In the ten minutes in the pub they talk about the agenda for the session, what they talked about last week, what they will definitely not talk about with the counsellor, and how much better off they are than the couple whose counselling slot immediately precedes their own.
Over the ten weeks that follow Tom and Louise begin to wonder: what if marriage is like a computer?
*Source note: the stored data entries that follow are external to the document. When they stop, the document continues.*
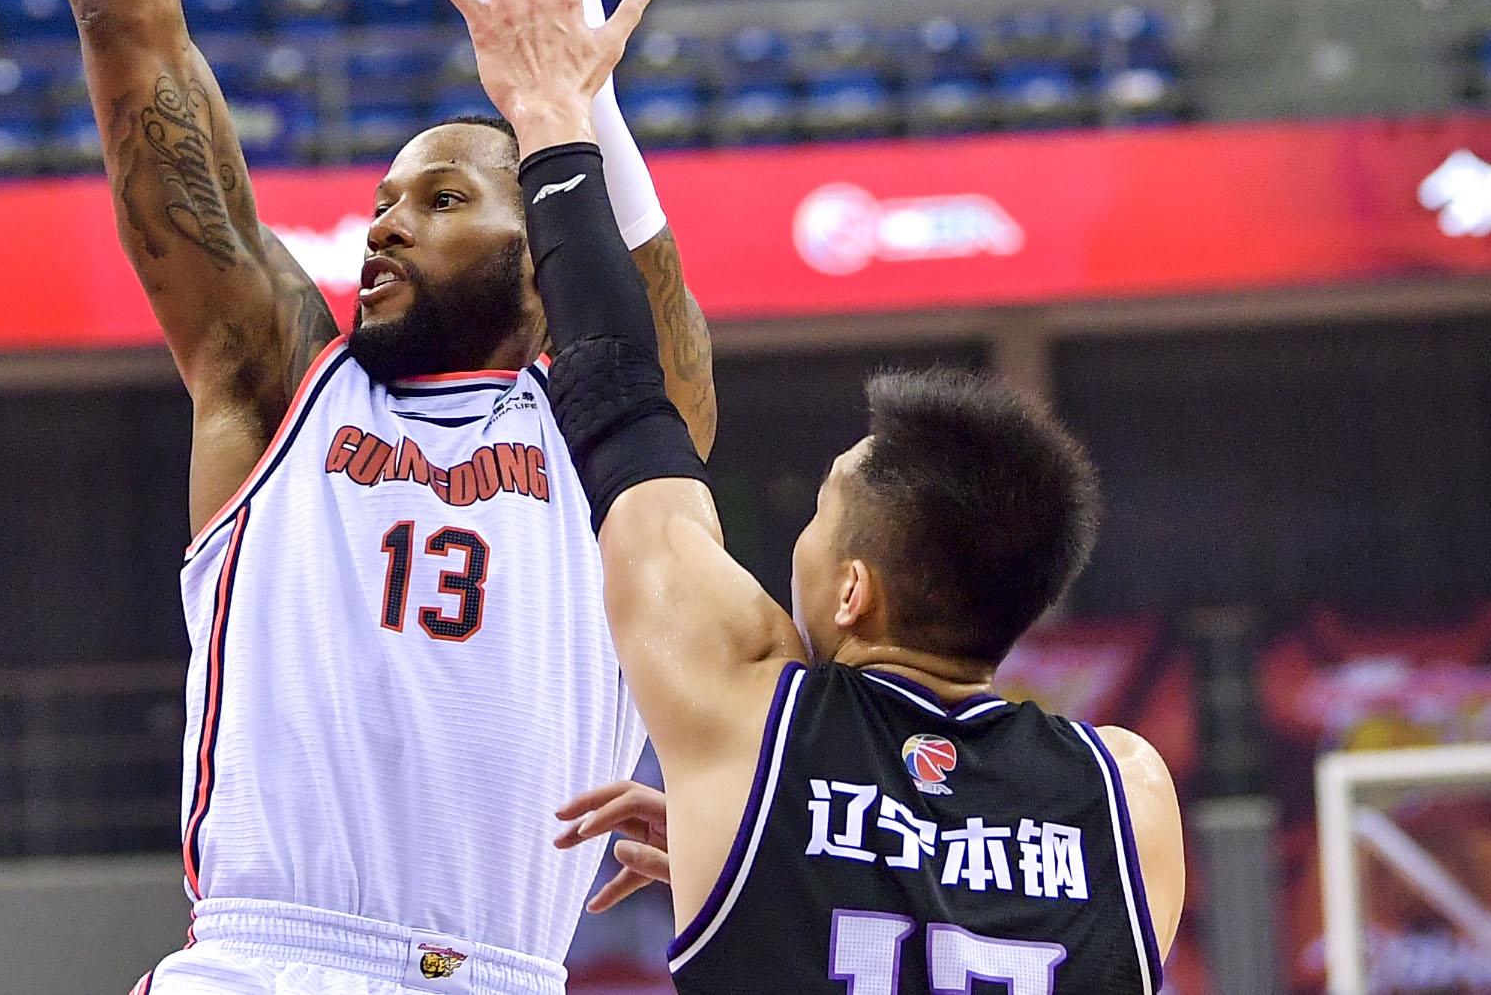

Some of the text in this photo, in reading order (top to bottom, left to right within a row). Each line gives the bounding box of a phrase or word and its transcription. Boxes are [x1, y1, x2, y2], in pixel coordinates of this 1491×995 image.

[325, 425, 550, 506] GUANGDONG
[380, 520, 490, 642] 13
[804, 778, 1089, 900] 辽宁本钢
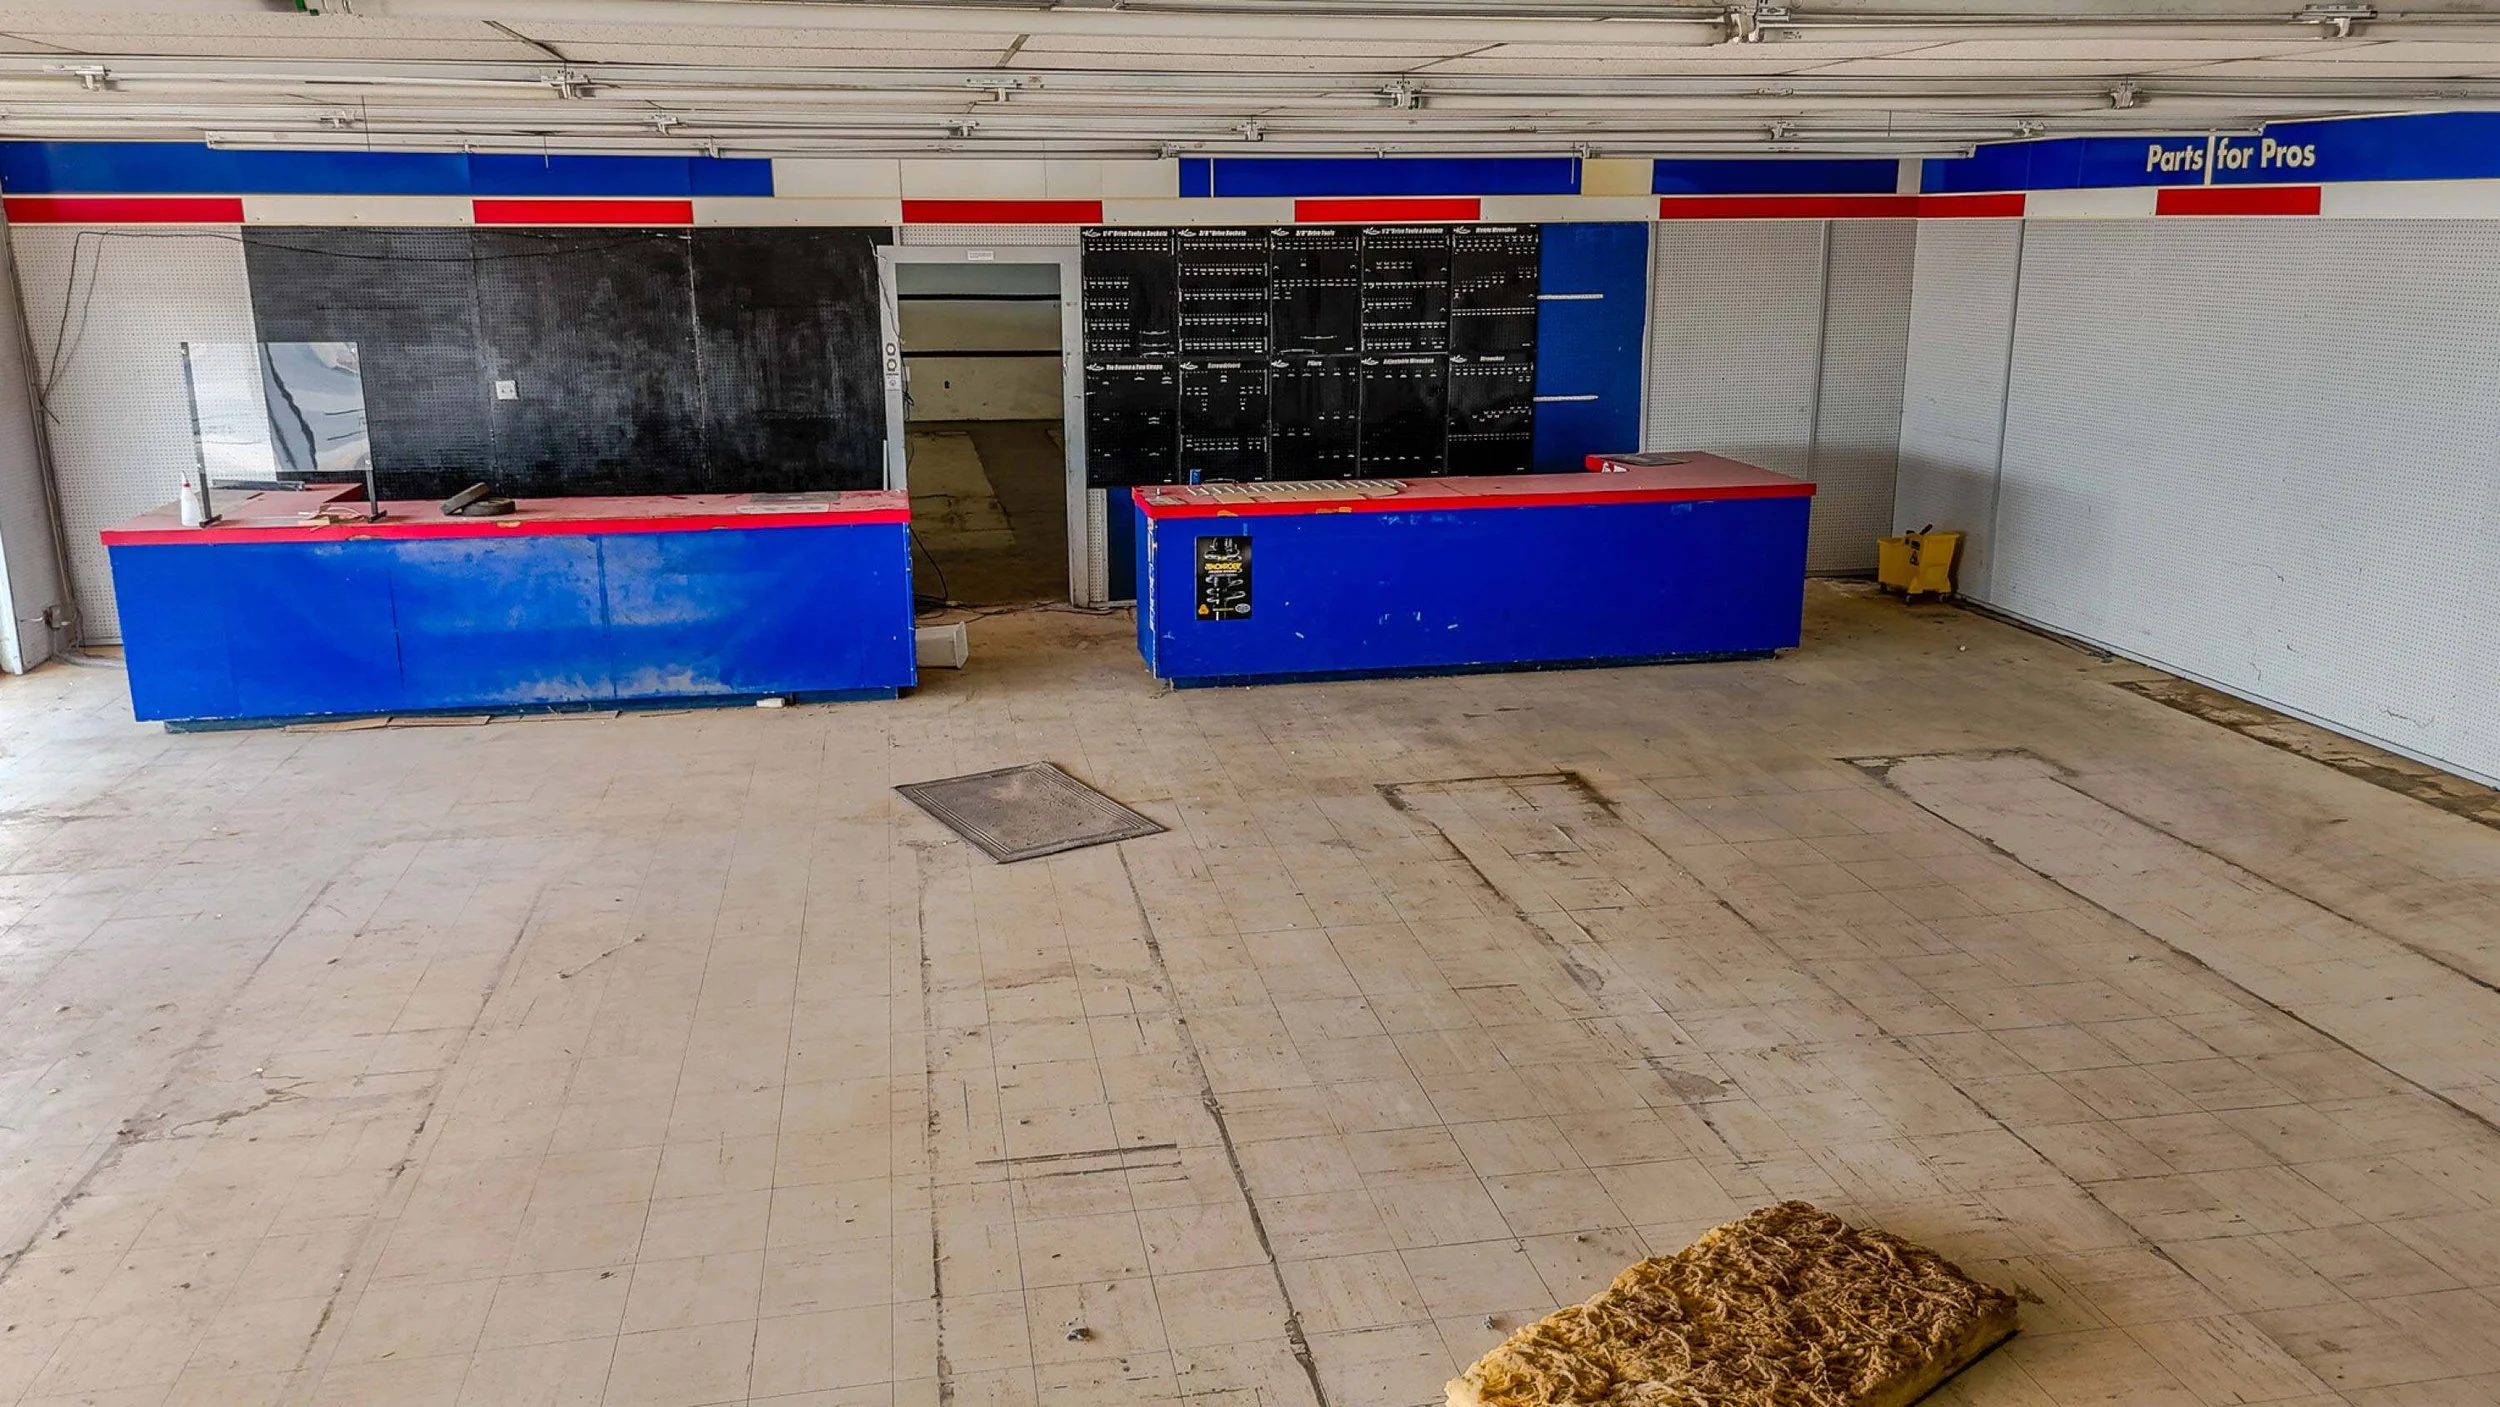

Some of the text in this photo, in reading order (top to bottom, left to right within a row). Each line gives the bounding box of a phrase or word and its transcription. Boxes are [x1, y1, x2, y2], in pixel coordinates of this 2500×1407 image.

[2146, 138, 2316, 172] Parts for Pros
When you take it apart to see how it works you might just be left with a million pieces you can't put back together . . .
Hornby (Funny Girl) deploys his characteristic wit in this acerbic depiction of a marriage in crisis, already adapted for television. Tom, an unemployed 44-year-old music critic, and his wife, Louise, a 40-year-old gerontologist, meet in a pub across the street from their weekly marriage counseling sessions. Louise recently had an affair, and the two tussle over whether they even want to save their sexless, frustrating relationship. Although their pain and confusion pokes through, they disguise their emotions behind petty squabbles such as their differing votes on Brexit and Tom's antipathy for Call the Midwife and playful banter, including discussing their imagined second marriages. Tom abruptly moves out of their house, setting up nearly absurd conversations in which Louise admits to telling their children a series of lies to cover his absence, and Tom is cagey about revealing his unpleasant living arrangements. Glimmers of their former closeness appear as they favorably and conspiratorially compare themselves to other clients of their therapist. The relative lack of non-dialogue text propels the immediacy and intensity as Tom and Louise teeter toward a hopeful conclusion. Readers who want an honest exploration of a relationship will be taken by the sprightly balance of difficult emotions and sarcastic humor.